-------- Data supplied --------

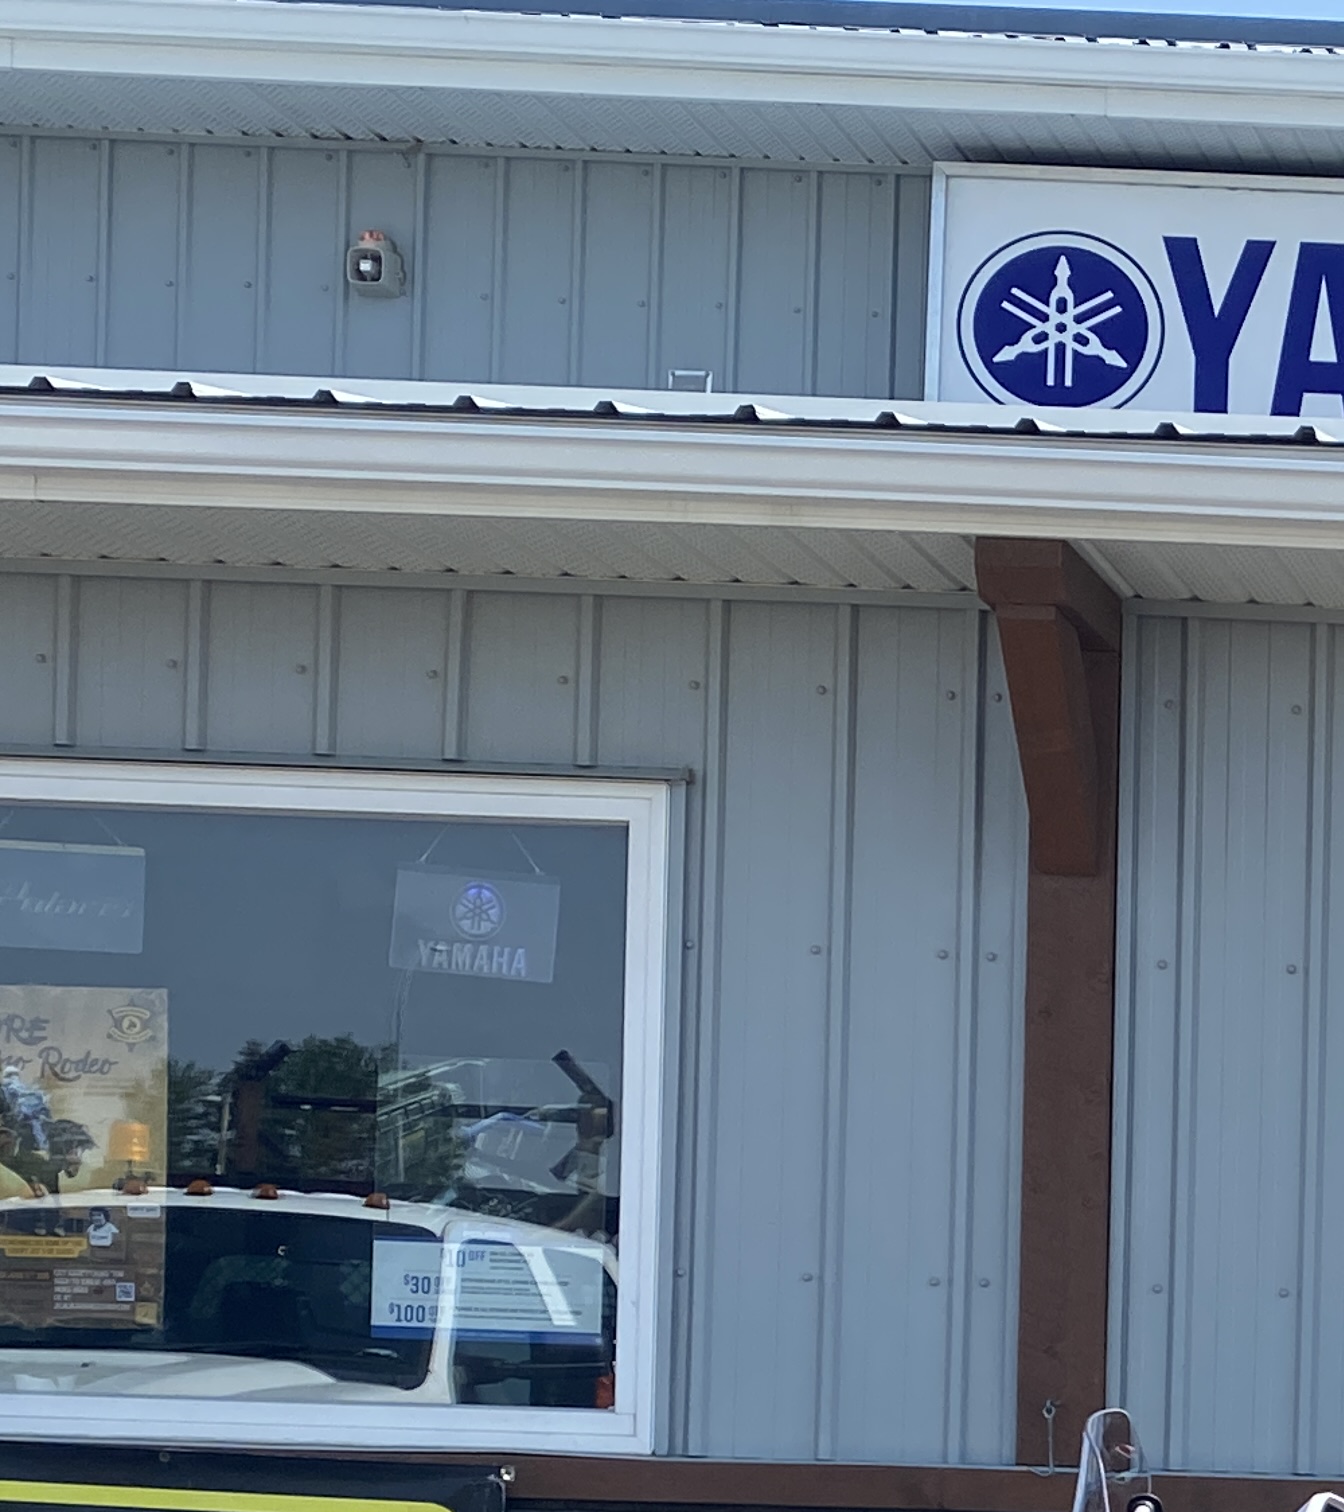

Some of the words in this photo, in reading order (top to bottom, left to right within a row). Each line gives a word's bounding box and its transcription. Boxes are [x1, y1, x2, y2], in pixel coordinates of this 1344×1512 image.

[418, 939, 527, 977] YAMAHA
[38, 1046, 119, 1082] Rodeo
[403, 1274, 431, 1294] $30
[388, 1302, 426, 1323] $100

--------

§ Work task:
The whole listing above must be duplicated word for word, apart from its pictures.

§ Reply to the task:
Some of the words in this photo, in reading order (top to bottom, left to right within a row). Each line gives a word's bounding box and its transcription. Boxes are [x1, y1, x2, y2], in pixel coordinates of this 1344×1512 image.

[418, 939, 527, 977] YAMAHA
[38, 1046, 119, 1082] Rodeo
[403, 1274, 431, 1294] $30
[388, 1302, 426, 1323] $100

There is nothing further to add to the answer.